Tourism

National Museum of Qatar: The Middle East’s Hottest New Museum is Here

National Museum of Qatar: The Middle East’s Hottest New Museum is Here

From a desert that has reached the ocean, the National Museum of Qatar emerges. The Royal Palace of Sheikh Abdullah bin Jassim Al Thani, a landmark from the 20th century with significant heritage importance for Qatar, rises up on the location. The new National Museum of Qatar, which opened on 28th March 2019 after being delayed for more than two years, is yet another gorgeous new architectural landmark along Doha’s already breathtaking waterfront.

The desert rose crystal, which can be found in Qatar, served as inspiration for the architect Jean Nouvel as he created the structure. The spreading pattern of curved discs, cantilevered angles, and unexpected crossings in the $434 million structure was modeled after “desert rose” crystal clusters that grow in the Qatari desert.

Victoria Beckham, Naomi Campbell, and Johnny Depp were among the famous attendees of the opulent opening ceremony. The UK Times calls it “the most extraordinary building of the decade,” the Financial Times describes it as “a desert rose of mutant scale,” while The Guardian wonders if this “eye-popping creation” is “too extravagant to fill.”

The National Museum is dedicated to the history of Qatar. Symbolically, the desert and its silent, everlasting dimension are evoked in the architecture, as well as the spirit of modernism and daring that has arrived and shattered what appeared unbreakable.

The-construction-site-of-the-museum-in-2015
The construction site of the museum in 2015

Three ‘chapters’ of history

Similar to how the building’s architecture flows across the areas, the museum’s story does too. It’s a 1.5-kilometer trip through three “chapters” of Qatari history Beginnings, Life in Qatar, and Building the Nation presented in 11 galleries.

The fusion of the past and current is stunning. The focus of the museum is Sheikh Abdullah bin Jassim Al Thani’s recently renovated palace, who is the son of the man who founded contemporary Qatar.

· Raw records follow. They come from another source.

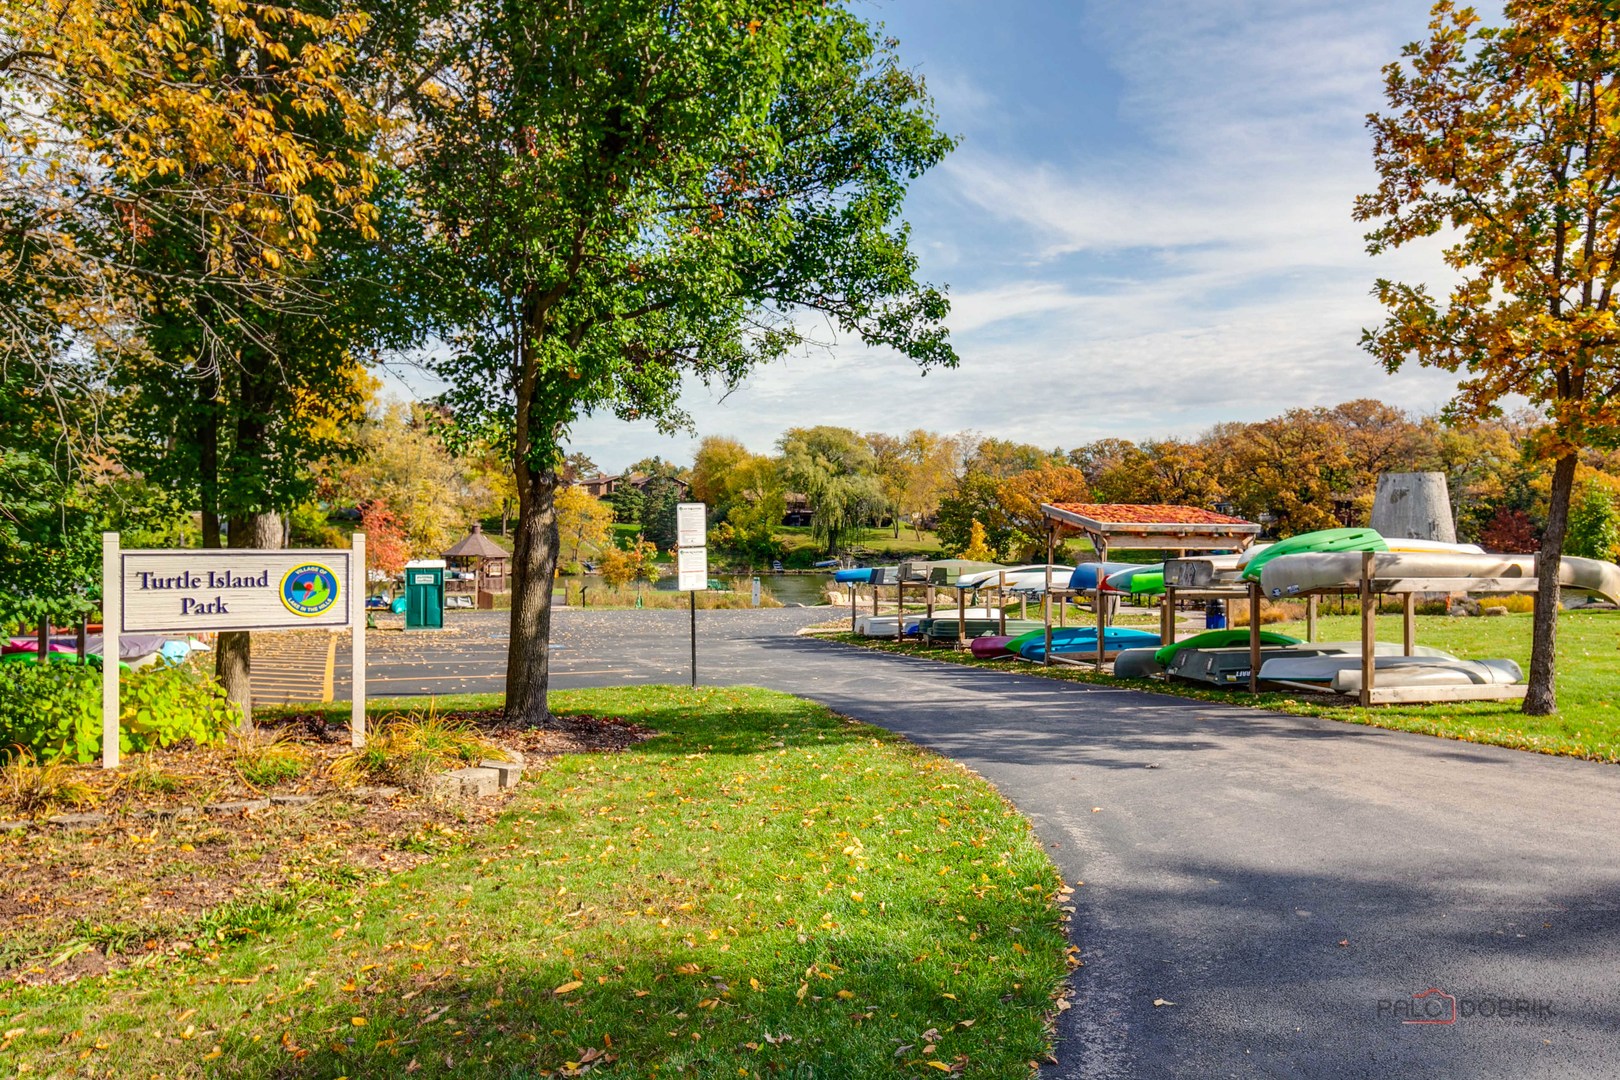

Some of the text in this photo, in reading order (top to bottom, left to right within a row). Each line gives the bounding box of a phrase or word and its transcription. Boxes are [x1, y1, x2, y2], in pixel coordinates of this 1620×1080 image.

[295, 566, 319, 575] VILLAGE
[135, 569, 270, 590] Turtle Island
[179, 595, 230, 616] Park
[287, 597, 301, 610] LAKE
[318, 598, 333, 610] HILLS

This little nation, which is about the size of the US state of Connecticut, has a longer history than you may imagine.

When the peninsula first started to emerge some 700 million years ago, it began to evolve. Before it finally surfaced as what is now Qatar, some of it spent ages being landlocked and others submerged.

If a time traveler could turn back the hands of time to the 19th century, Qatar would have a special place on the trading map of the British Empire. An excellent pit stop on the journey to Britain’s Indian colony was Zubarah, which is located on the northern shore.

The UNESCO World Heritage site at the now-destroyed Fort of Zubarah provides a window into Qatari society centuries ago.

Visitors to the museum are led around a loop of galleries that focus on three main, connected themes. The galleries are loosely organized chronologically, starting with displays on the natural history of the desert and the Persian Gulf, followed by artifacts from Bedouin culture, historical displays on the tribal wars, the founding of the Qatari state, and finally the discovery of oil to the present.

Pearls and black gold

Many Zubarah residents, primarily Bedouins and Hadar, depended on the pearling industry for their livelihoods. The museum honors Qatar’s ancient maritime legacy by featuring an exhibit on the hand-crafted wooden dhows that were formerly essential for fishing and trading.

Visitors can also see the 19th-century Pearl Carpet of Baroda, embroidered with more than 1.5 million Gulf pearls and adorned with emeralds, diamonds and sapphires.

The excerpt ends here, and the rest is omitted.